## WHAT THIS TASK INVOLVES
Nothing but the lines from the one containing "this 1500×1125 image." through the end of the entries below should be set down, each exactly as written.
[Opening SUPPLIED ENTRIES section]
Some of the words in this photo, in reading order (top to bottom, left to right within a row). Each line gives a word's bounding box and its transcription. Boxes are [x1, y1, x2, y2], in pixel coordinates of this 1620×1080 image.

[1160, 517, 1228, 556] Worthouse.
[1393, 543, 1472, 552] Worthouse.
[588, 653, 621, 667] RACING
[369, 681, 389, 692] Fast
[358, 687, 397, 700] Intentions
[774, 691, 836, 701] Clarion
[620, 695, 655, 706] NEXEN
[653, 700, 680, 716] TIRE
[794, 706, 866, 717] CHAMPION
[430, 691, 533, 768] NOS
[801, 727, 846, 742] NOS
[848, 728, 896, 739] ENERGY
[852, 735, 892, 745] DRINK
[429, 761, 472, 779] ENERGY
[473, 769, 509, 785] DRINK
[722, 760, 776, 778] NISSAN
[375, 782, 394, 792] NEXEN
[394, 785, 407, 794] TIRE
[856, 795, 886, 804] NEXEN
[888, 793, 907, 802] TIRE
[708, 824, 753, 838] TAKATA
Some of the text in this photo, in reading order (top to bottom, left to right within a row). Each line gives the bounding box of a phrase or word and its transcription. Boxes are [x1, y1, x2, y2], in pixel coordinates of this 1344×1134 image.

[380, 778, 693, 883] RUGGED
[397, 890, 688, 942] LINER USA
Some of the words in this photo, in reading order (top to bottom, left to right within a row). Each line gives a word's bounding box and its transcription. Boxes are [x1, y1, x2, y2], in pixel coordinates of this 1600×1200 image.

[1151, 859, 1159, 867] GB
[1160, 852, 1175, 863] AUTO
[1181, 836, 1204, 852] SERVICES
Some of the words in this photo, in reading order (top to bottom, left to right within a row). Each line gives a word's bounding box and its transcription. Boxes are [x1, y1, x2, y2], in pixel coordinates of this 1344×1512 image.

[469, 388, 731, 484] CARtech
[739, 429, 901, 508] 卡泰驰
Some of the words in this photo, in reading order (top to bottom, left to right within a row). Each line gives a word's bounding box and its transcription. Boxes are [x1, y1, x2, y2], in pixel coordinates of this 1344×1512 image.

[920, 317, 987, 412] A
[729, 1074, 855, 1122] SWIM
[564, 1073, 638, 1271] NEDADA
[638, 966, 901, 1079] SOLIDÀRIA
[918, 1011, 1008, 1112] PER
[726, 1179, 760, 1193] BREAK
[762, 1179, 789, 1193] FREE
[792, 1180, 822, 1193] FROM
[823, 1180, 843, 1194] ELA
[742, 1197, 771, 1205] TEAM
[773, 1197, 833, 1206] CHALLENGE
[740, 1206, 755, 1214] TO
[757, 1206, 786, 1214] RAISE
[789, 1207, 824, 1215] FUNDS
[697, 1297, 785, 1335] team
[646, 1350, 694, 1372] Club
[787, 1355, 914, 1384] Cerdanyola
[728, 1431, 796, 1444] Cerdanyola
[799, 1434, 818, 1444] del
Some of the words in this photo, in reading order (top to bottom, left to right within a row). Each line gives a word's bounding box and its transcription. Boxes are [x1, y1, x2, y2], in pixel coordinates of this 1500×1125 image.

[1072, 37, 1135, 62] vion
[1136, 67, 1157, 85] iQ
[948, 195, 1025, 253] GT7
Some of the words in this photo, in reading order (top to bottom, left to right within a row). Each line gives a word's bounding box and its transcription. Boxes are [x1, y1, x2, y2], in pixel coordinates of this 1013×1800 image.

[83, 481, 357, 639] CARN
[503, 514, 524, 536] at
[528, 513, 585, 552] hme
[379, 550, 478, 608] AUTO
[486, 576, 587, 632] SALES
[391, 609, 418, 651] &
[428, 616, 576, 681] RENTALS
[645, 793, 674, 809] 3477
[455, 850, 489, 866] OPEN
[Closing SUPPLIED ENTRIES section]
## ANSWER FOR THE TASK
Some of the words in this photo, in reading order (top to bottom, left to right within a row). Each line gives a word's bounding box and its transcription. Boxes are [x1, y1, x2, y2], in pixel coordinates of this 1500×1125 image.

[1072, 37, 1135, 62] vion
[1136, 67, 1157, 85] iQ
[948, 195, 1025, 253] GT7
Some of the words in this photo, in reading order (top to bottom, left to right within a row). Each line gives a word's bounding box and its transcription. Boxes are [x1, y1, x2, y2], in pixel coordinates of this 1013×1800 image.

[83, 481, 357, 639] CARN
[503, 514, 524, 536] at
[528, 513, 585, 552] hme
[379, 550, 478, 608] AUTO
[486, 576, 587, 632] SALES
[391, 609, 418, 651] &
[428, 616, 576, 681] RENTALS
[645, 793, 674, 809] 3477
[455, 850, 489, 866] OPEN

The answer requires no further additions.